- [Activity]: Write the entries below out again without a single difference.

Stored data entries

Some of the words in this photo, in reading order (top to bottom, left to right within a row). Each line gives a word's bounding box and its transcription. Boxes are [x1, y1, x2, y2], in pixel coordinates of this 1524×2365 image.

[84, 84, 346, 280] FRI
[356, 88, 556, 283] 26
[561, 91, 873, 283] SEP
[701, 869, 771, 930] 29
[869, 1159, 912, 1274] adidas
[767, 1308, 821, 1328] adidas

- [Your response]:
Some of the words in this photo, in reading order (top to bottom, left to right within a row). Each line gives a word's bounding box and its transcription. Boxes are [x1, y1, x2, y2], in pixel coordinates of this 1524×2365 image.

[84, 84, 346, 280] FRI
[356, 88, 556, 283] 26
[561, 91, 873, 283] SEP
[701, 869, 771, 930] 29
[869, 1159, 912, 1274] adidas
[767, 1308, 821, 1328] adidas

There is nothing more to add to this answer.